What is required.
A faithful copy of each entry below is expected, with the images removed.

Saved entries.
__________

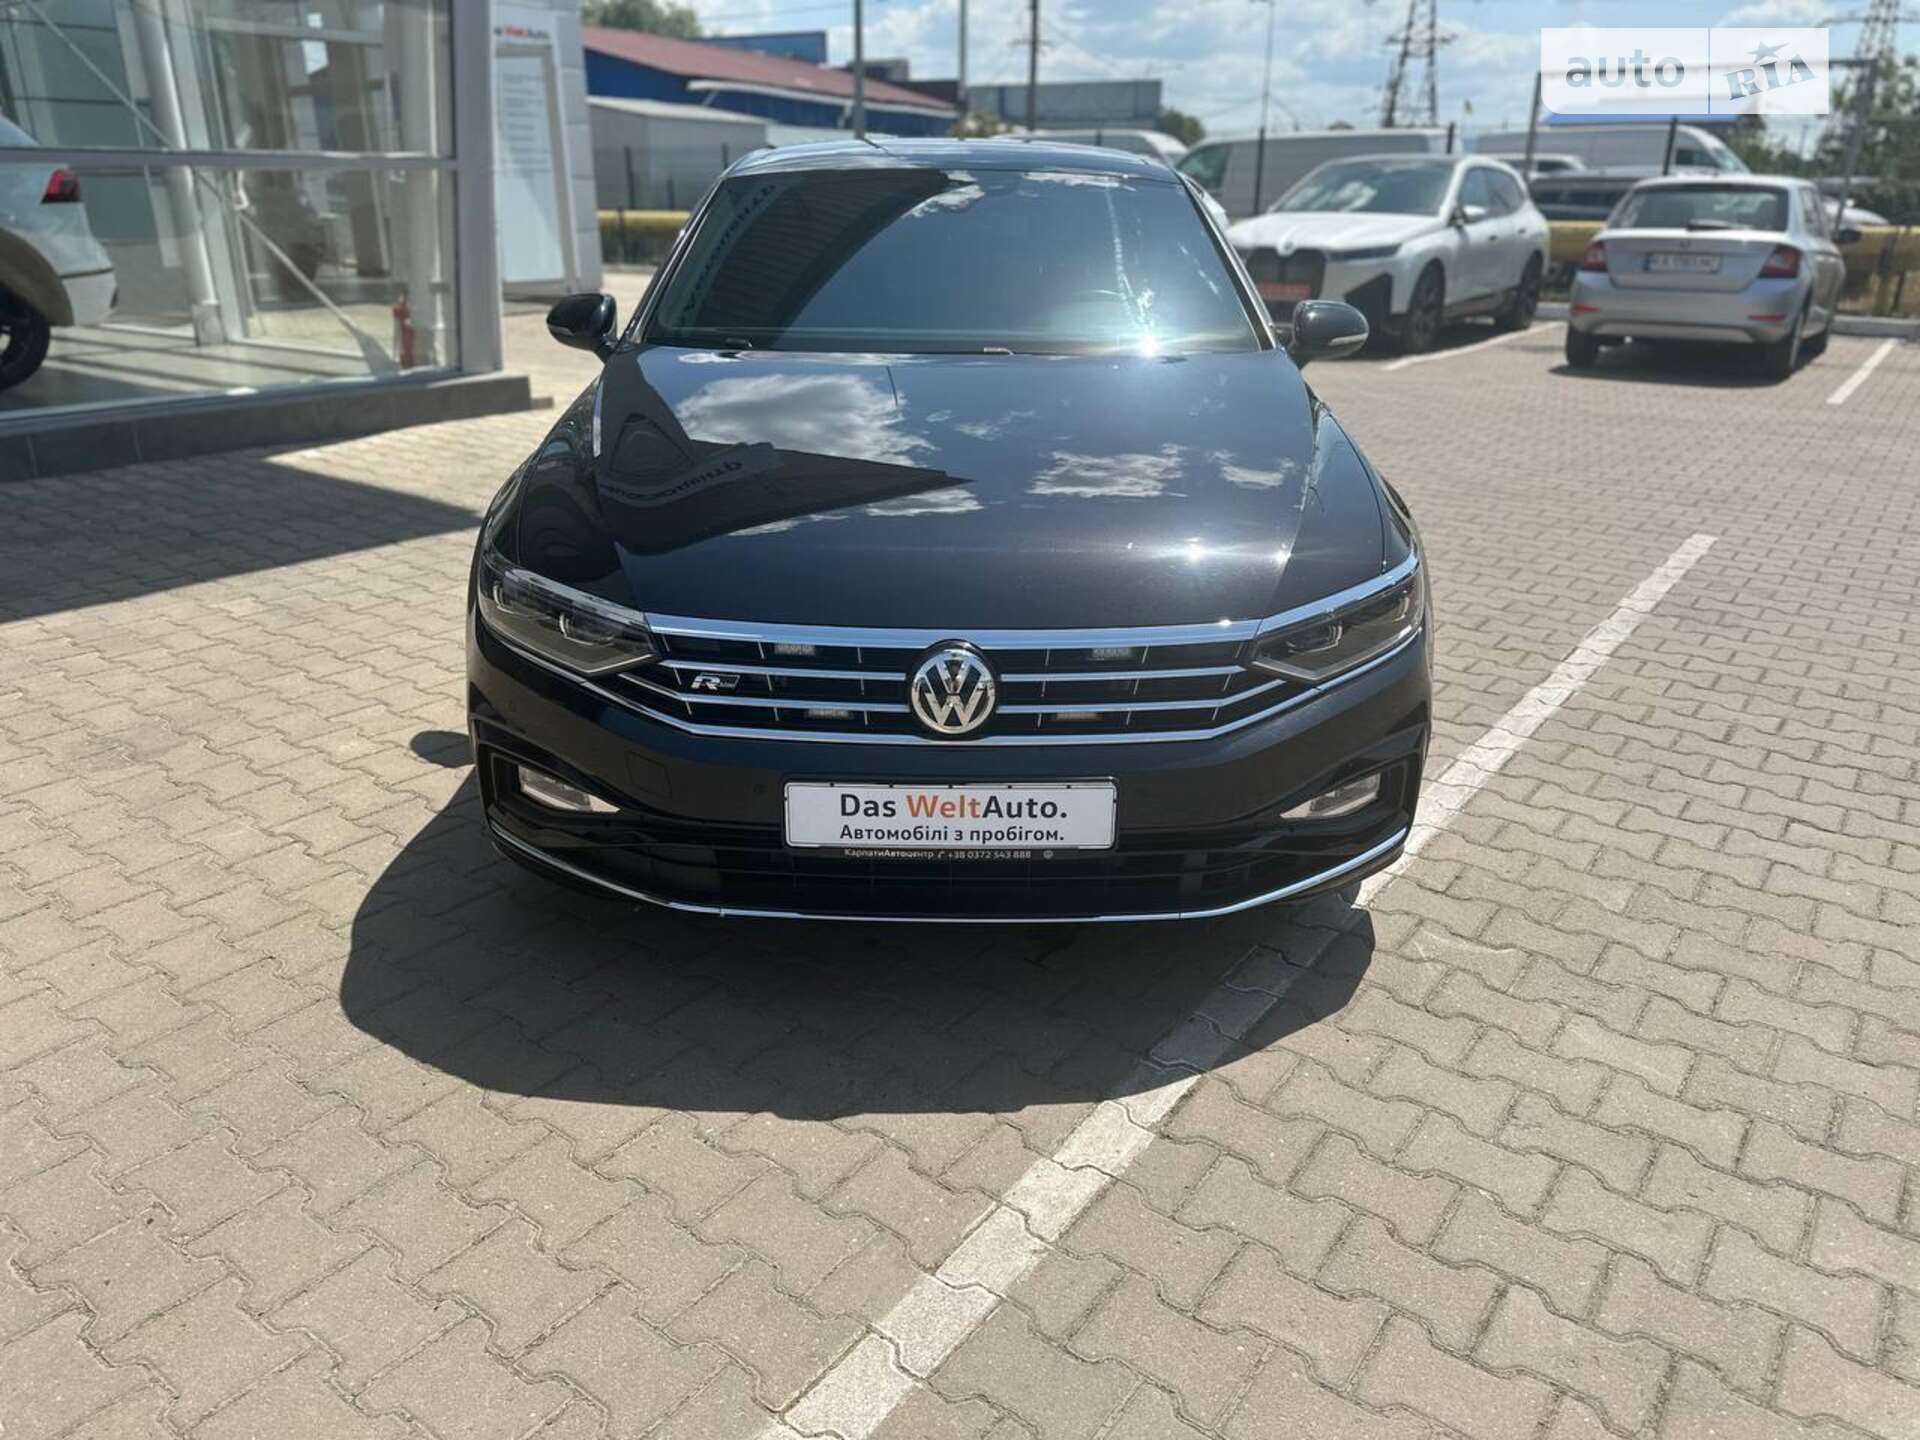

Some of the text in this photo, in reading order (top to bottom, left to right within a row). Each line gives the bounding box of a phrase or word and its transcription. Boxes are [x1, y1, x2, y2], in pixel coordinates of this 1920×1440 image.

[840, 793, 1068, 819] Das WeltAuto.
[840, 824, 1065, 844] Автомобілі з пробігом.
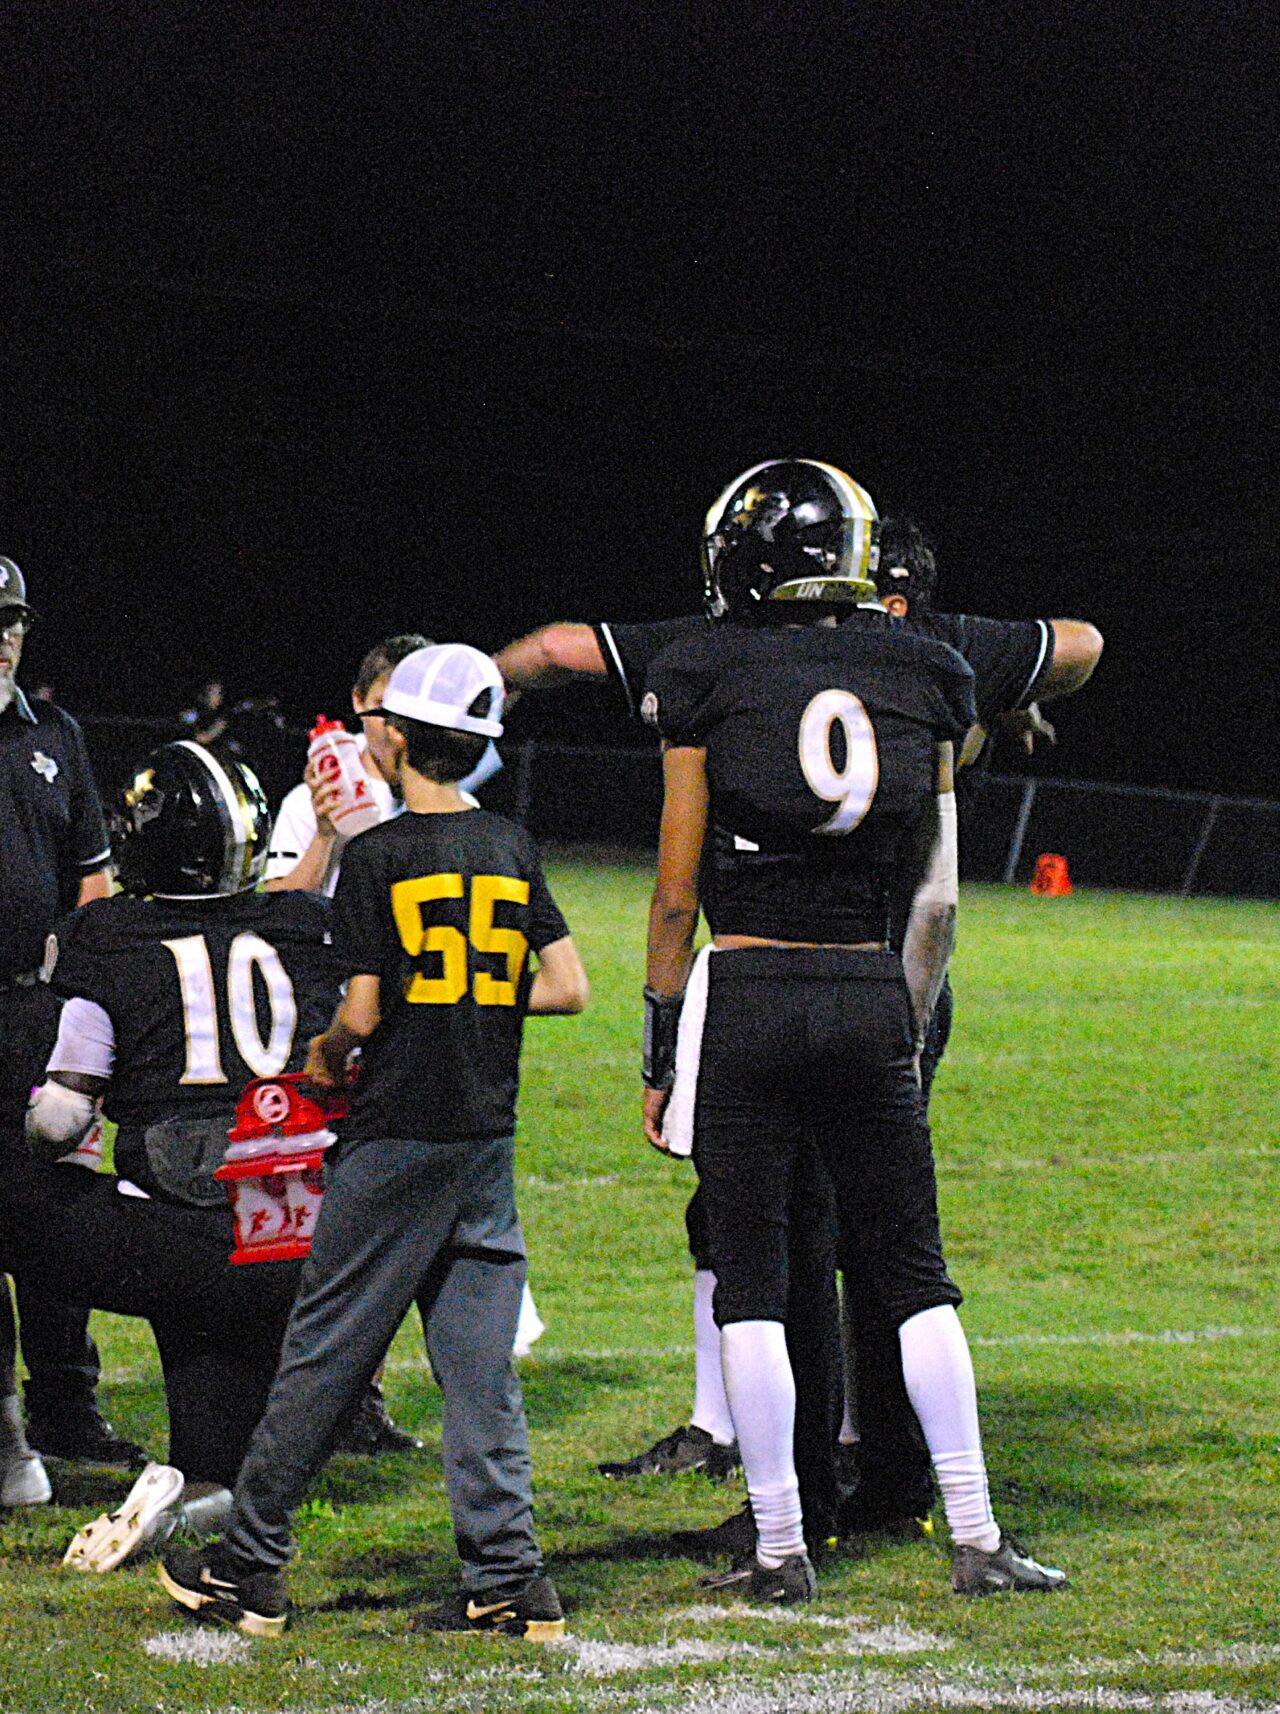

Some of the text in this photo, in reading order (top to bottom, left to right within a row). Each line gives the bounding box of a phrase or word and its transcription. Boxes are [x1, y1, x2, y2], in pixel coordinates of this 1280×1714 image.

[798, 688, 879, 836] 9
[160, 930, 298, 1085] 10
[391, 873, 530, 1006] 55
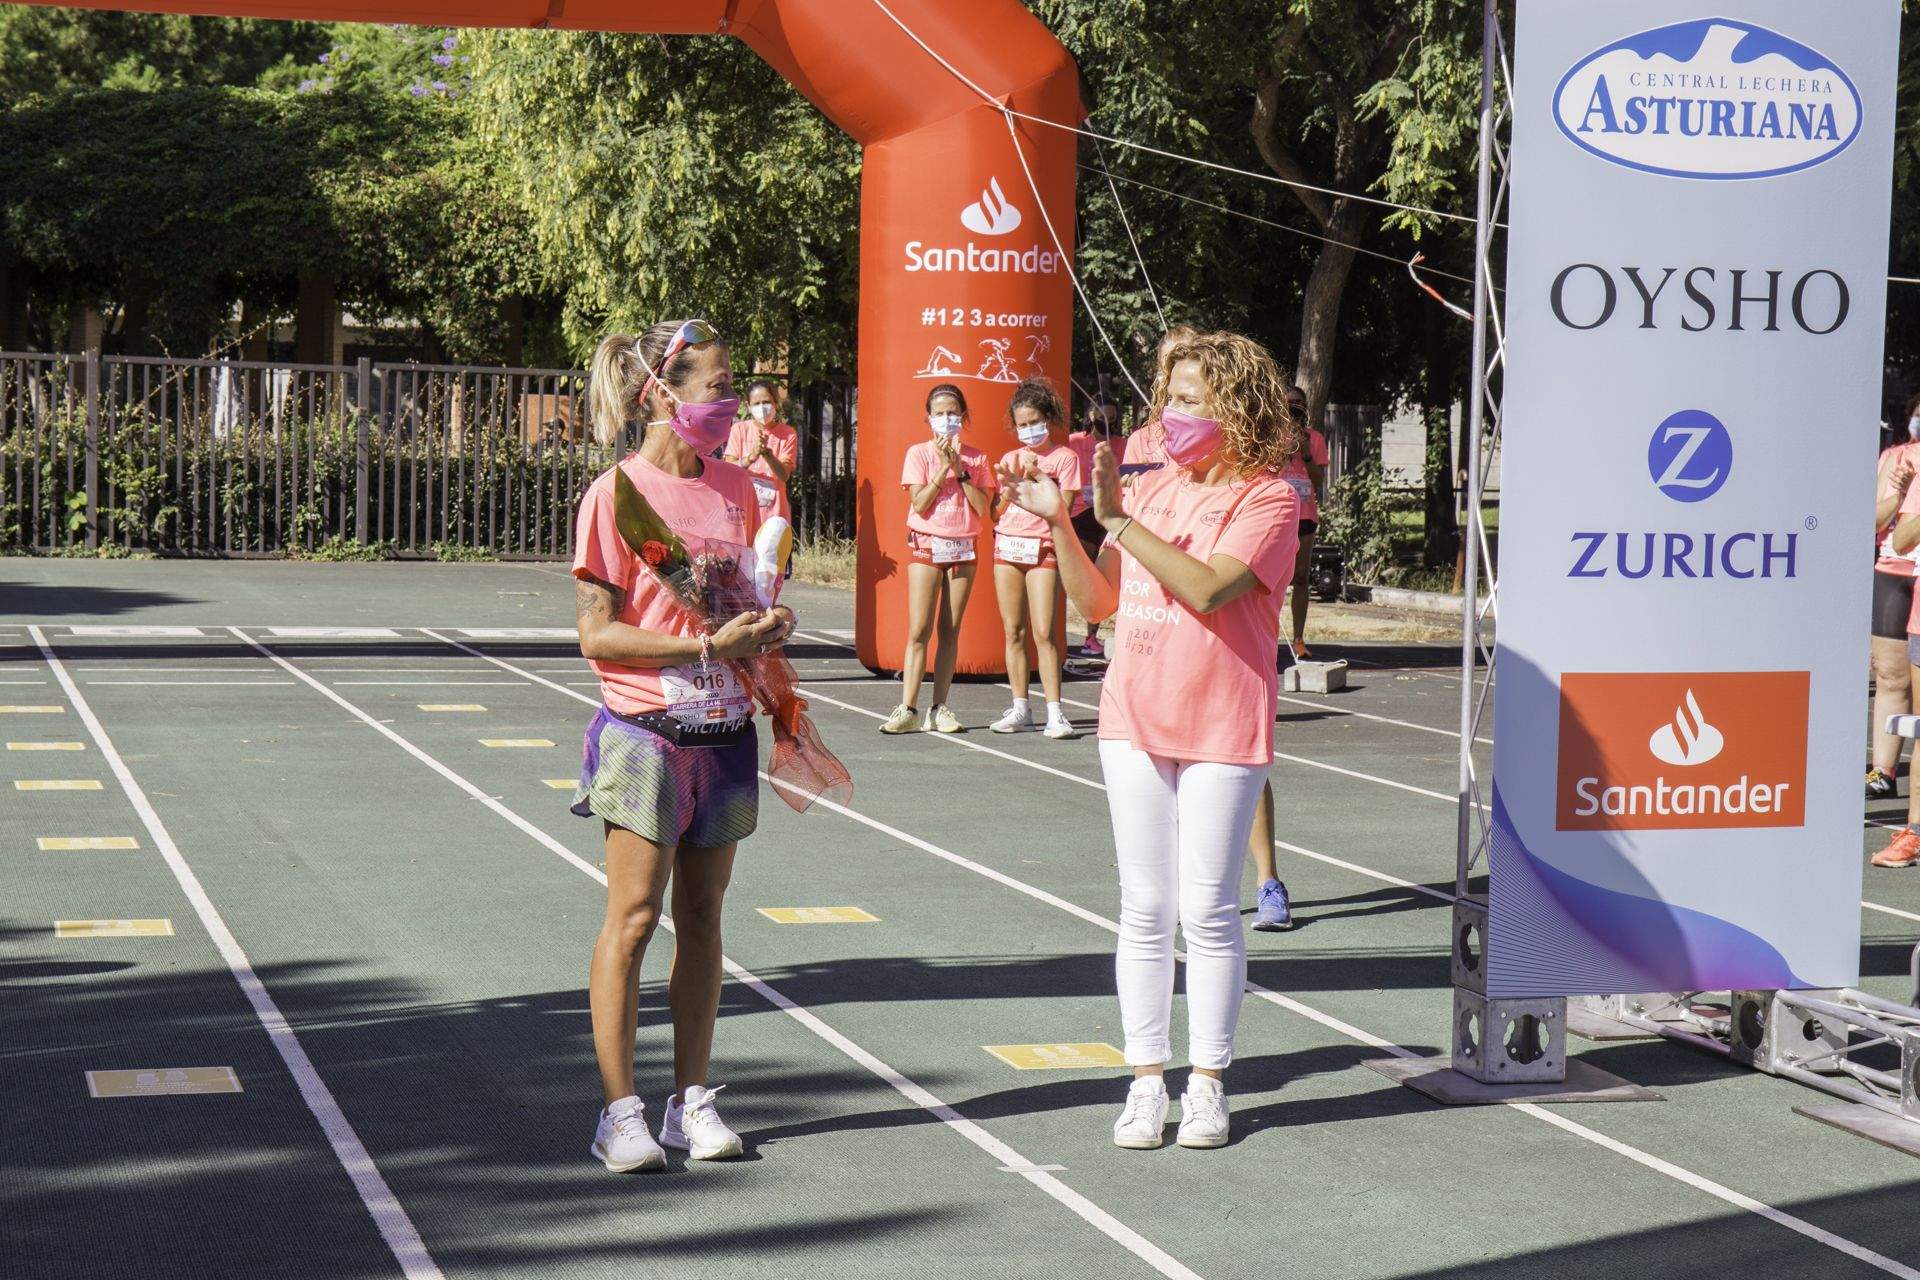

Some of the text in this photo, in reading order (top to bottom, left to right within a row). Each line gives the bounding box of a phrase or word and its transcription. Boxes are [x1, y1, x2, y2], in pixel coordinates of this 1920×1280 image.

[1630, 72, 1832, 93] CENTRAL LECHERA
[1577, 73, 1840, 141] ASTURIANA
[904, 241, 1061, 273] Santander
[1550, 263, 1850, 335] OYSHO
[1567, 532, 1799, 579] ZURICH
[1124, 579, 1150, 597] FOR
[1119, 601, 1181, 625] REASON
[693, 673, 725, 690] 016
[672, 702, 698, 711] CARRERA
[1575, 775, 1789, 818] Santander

__________

Answer space.
Some of the text in this photo, in reading order (top to bottom, left to right within a row). Each line gives the bounding box of a phrase or word and its transcription. Boxes are [x1, y1, x2, y2], in pixel coordinates of this 1920×1440 image.

[840, 793, 1068, 819] Das WeltAuto.
[840, 824, 1065, 844] Автомобілі з пробігом.

Some of the text in this photo, in reading order (top to bottom, left to right within a row). Each line gives the bounding box of a phrase or word and its transcription. Boxes are [x1, y1, x2, y2], in pixel coordinates of this 1280×1714 image.

[798, 688, 879, 836] 9
[160, 930, 298, 1085] 10
[391, 873, 530, 1006] 55

Some of the text in this photo, in reading order (top to bottom, left to right within a row). Each line gives the bounding box of a phrase or word and its transcription. Boxes are [x1, y1, x2, y2], in pixel coordinates of this 1920×1280 image.

[1630, 72, 1832, 93] CENTRAL LECHERA
[1577, 73, 1840, 141] ASTURIANA
[904, 241, 1061, 273] Santander
[1550, 263, 1850, 335] OYSHO
[1567, 532, 1799, 579] ZURICH
[1124, 579, 1150, 597] FOR
[1119, 601, 1181, 625] REASON
[693, 673, 725, 690] 016
[672, 702, 698, 711] CARRERA
[1575, 775, 1789, 818] Santander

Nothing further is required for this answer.